#### [Dataset entries]
[Start of Attachment]
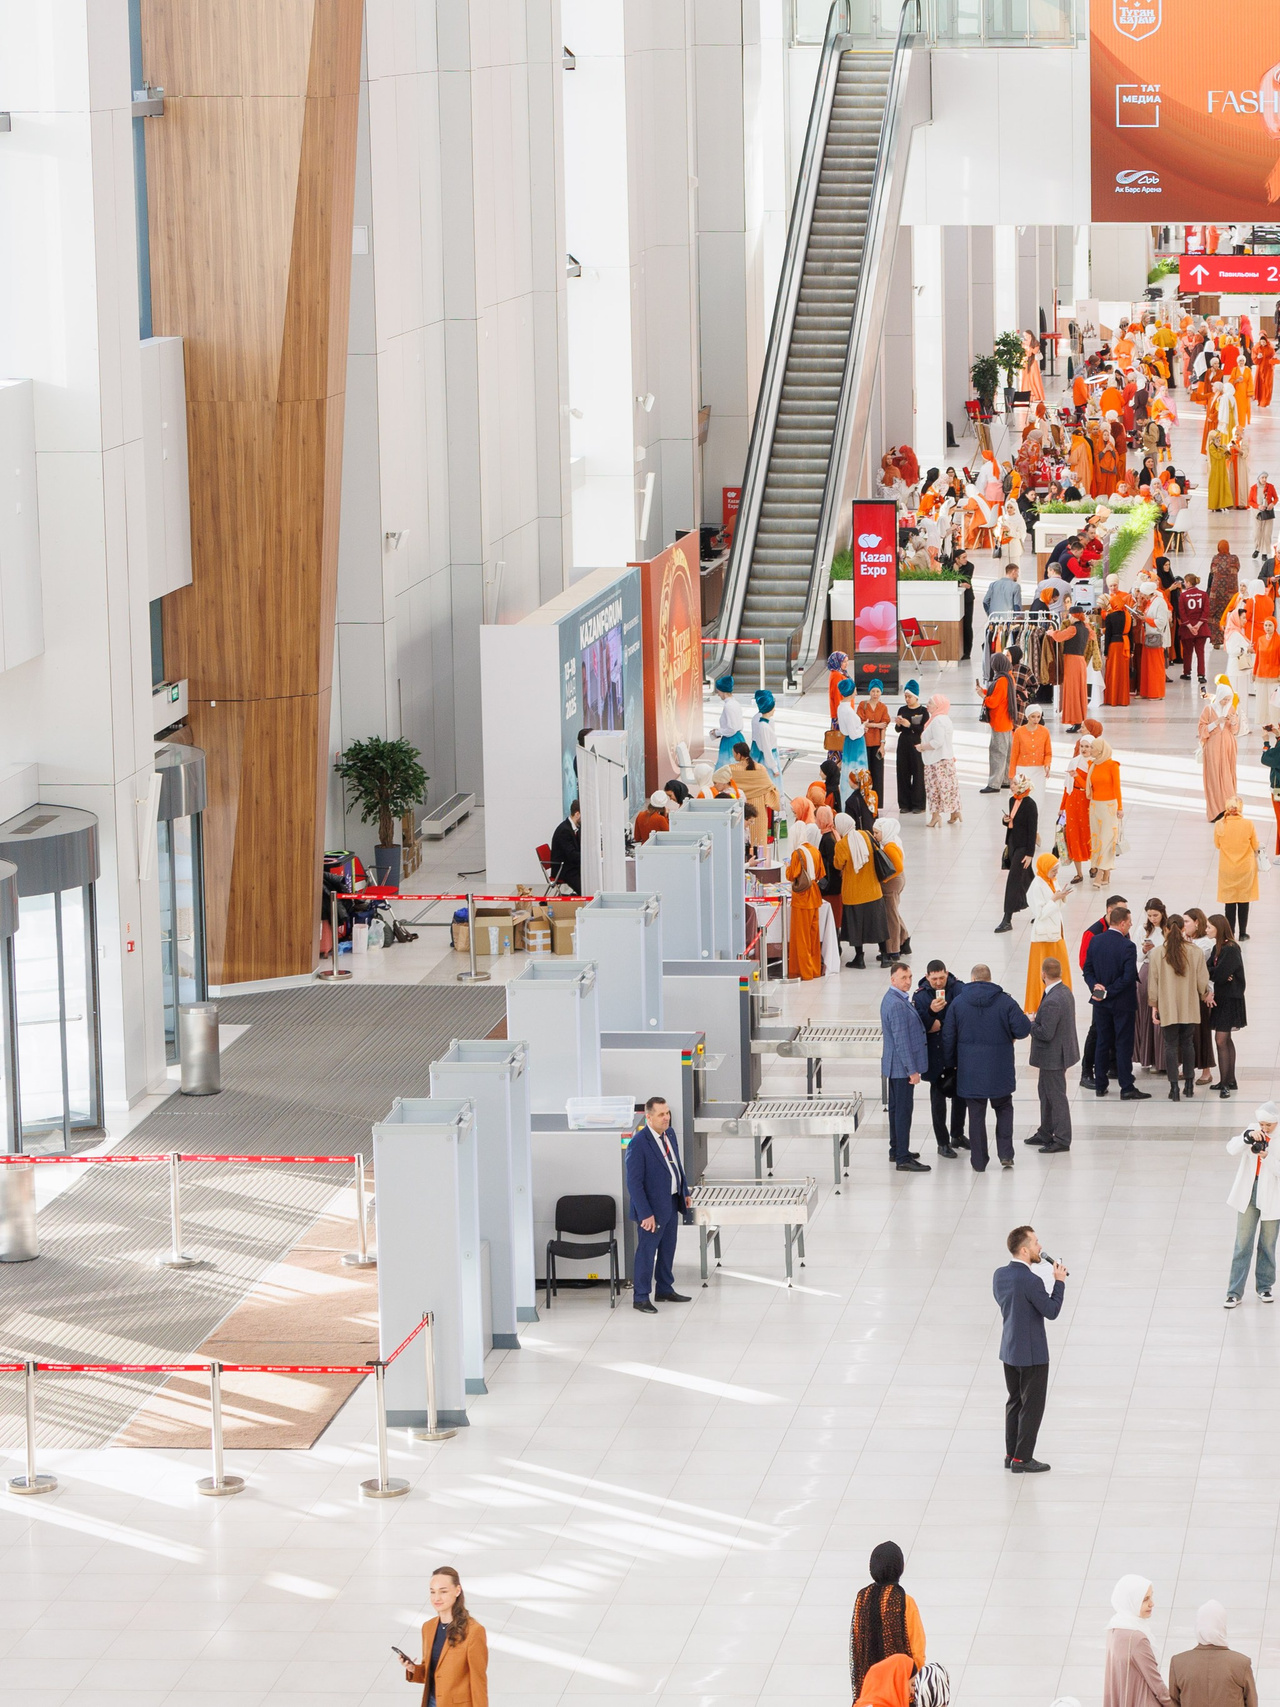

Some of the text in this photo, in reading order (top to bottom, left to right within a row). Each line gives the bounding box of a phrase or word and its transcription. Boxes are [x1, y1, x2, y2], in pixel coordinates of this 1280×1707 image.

[1140, 84, 1161, 92] ТАТ
[1122, 94, 1162, 105] МЕДИА
[860, 551, 893, 563] Kazan
[860, 564, 887, 578] Expo
[1188, 599, 1202, 609] 01
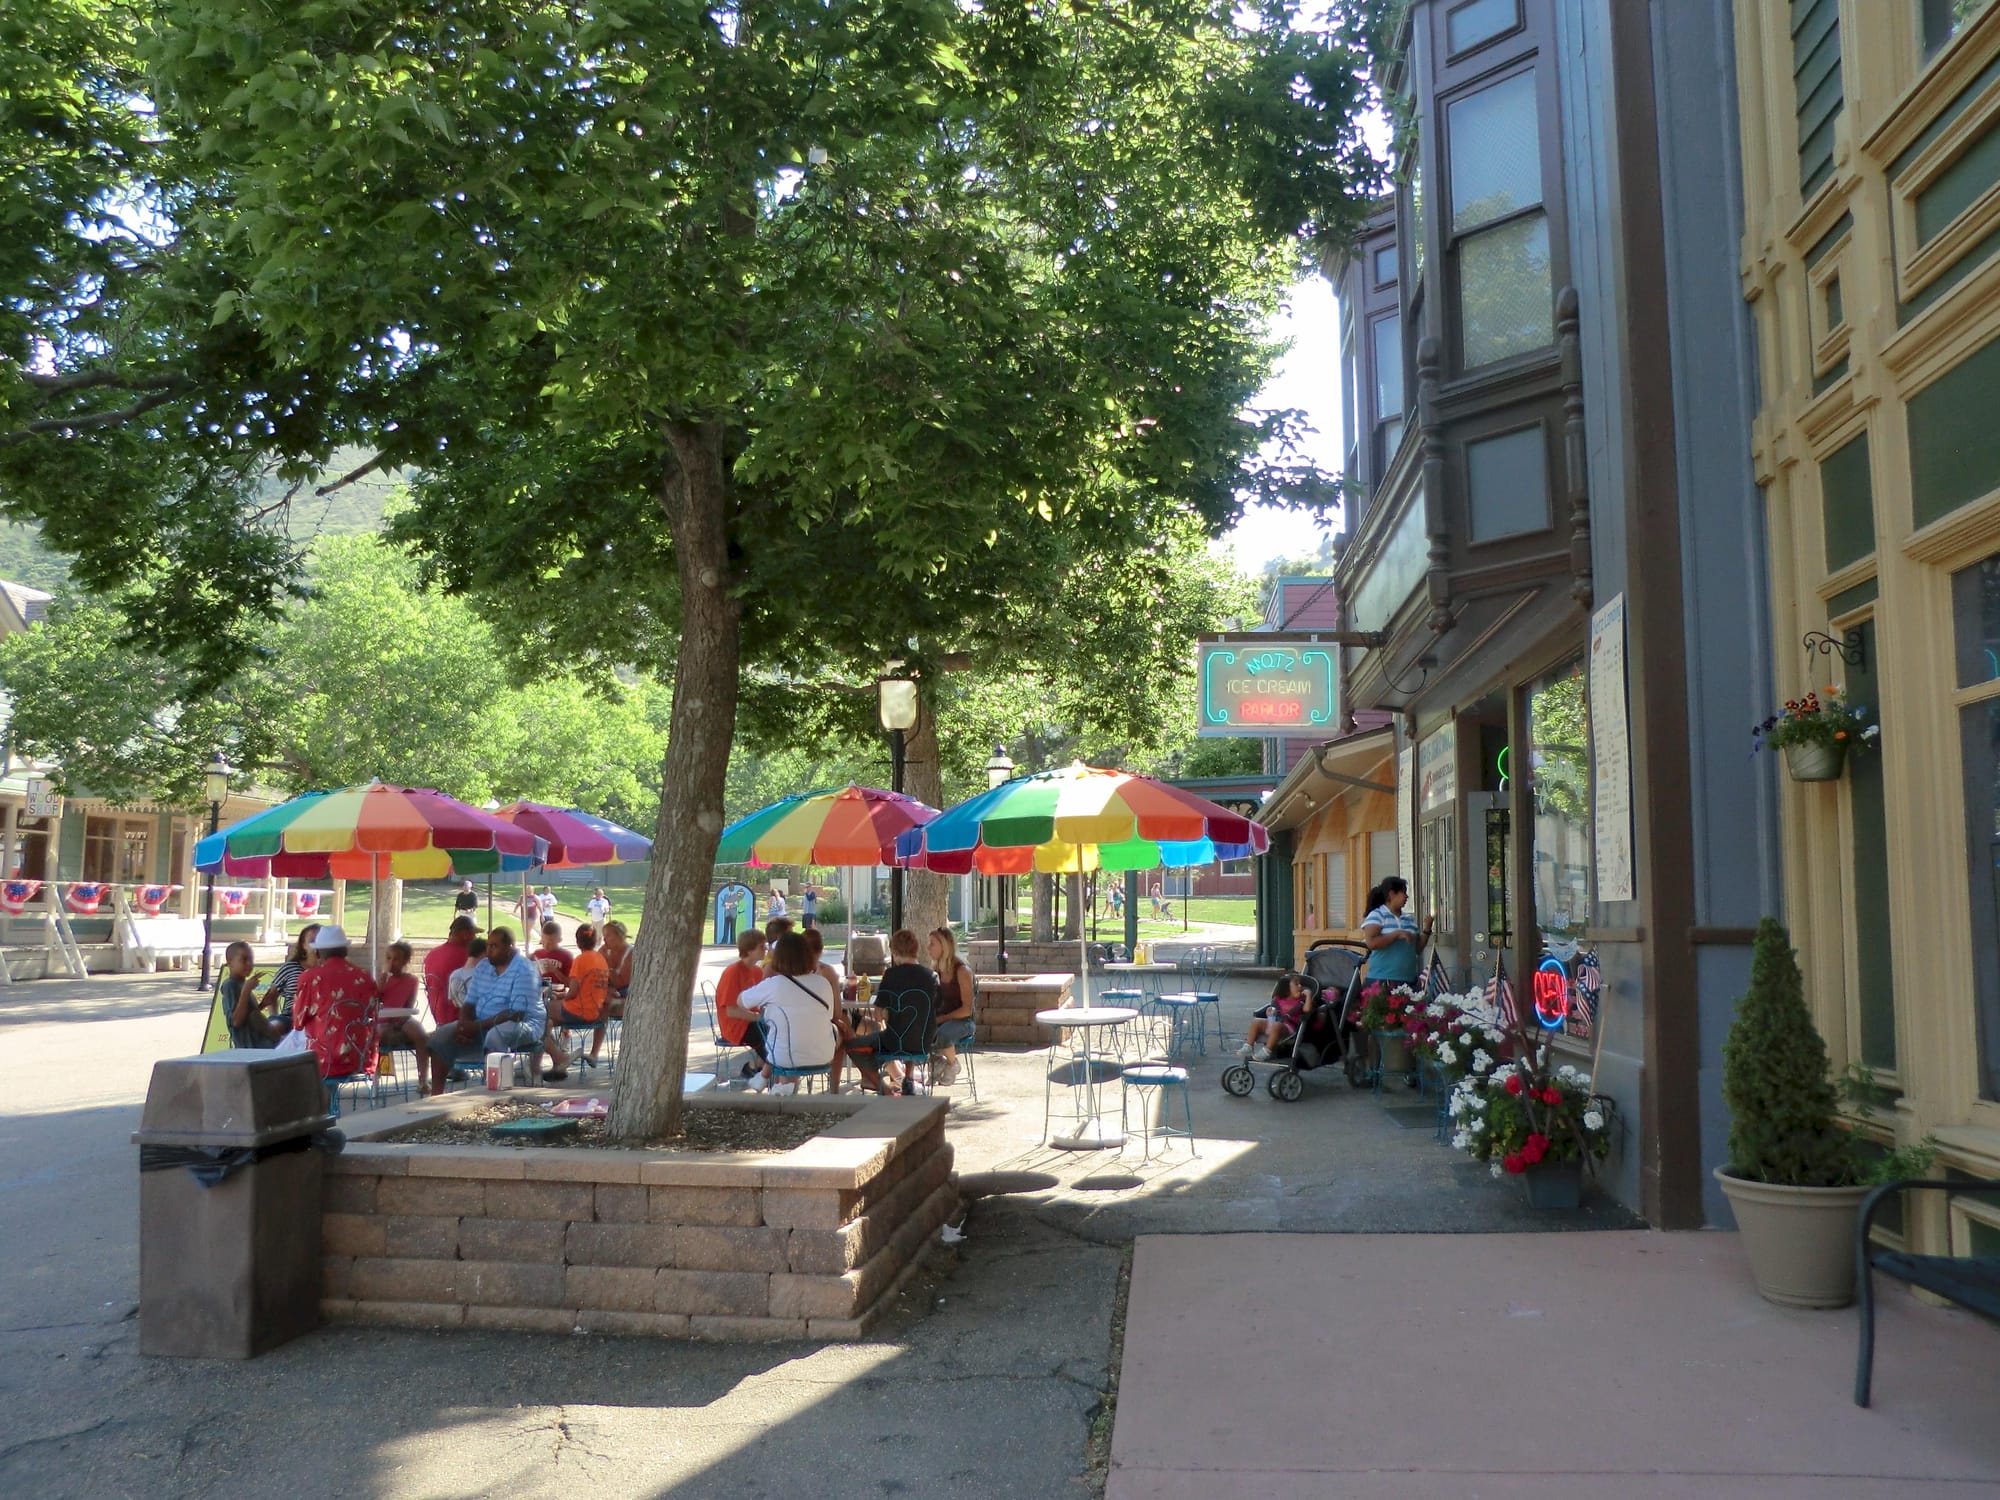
[End of Attachment]
#### [WHAT YOU WILL DO]
Write out the entries above in full and exactly; no pictures.

#### [SOLVED PROBLEM]
Some of the text in this photo, in reading order (top to bottom, left to right within a row). Each line gives the bounding box of a phrase or word and its transcription. Boxes are [x1, y1, x2, y2], in pixel coordinates of this 1280×1707 image.

[1140, 84, 1161, 92] ТАТ
[1122, 94, 1162, 105] МЕДИА
[860, 551, 893, 563] Kazan
[860, 564, 887, 578] Expo
[1188, 599, 1202, 609] 01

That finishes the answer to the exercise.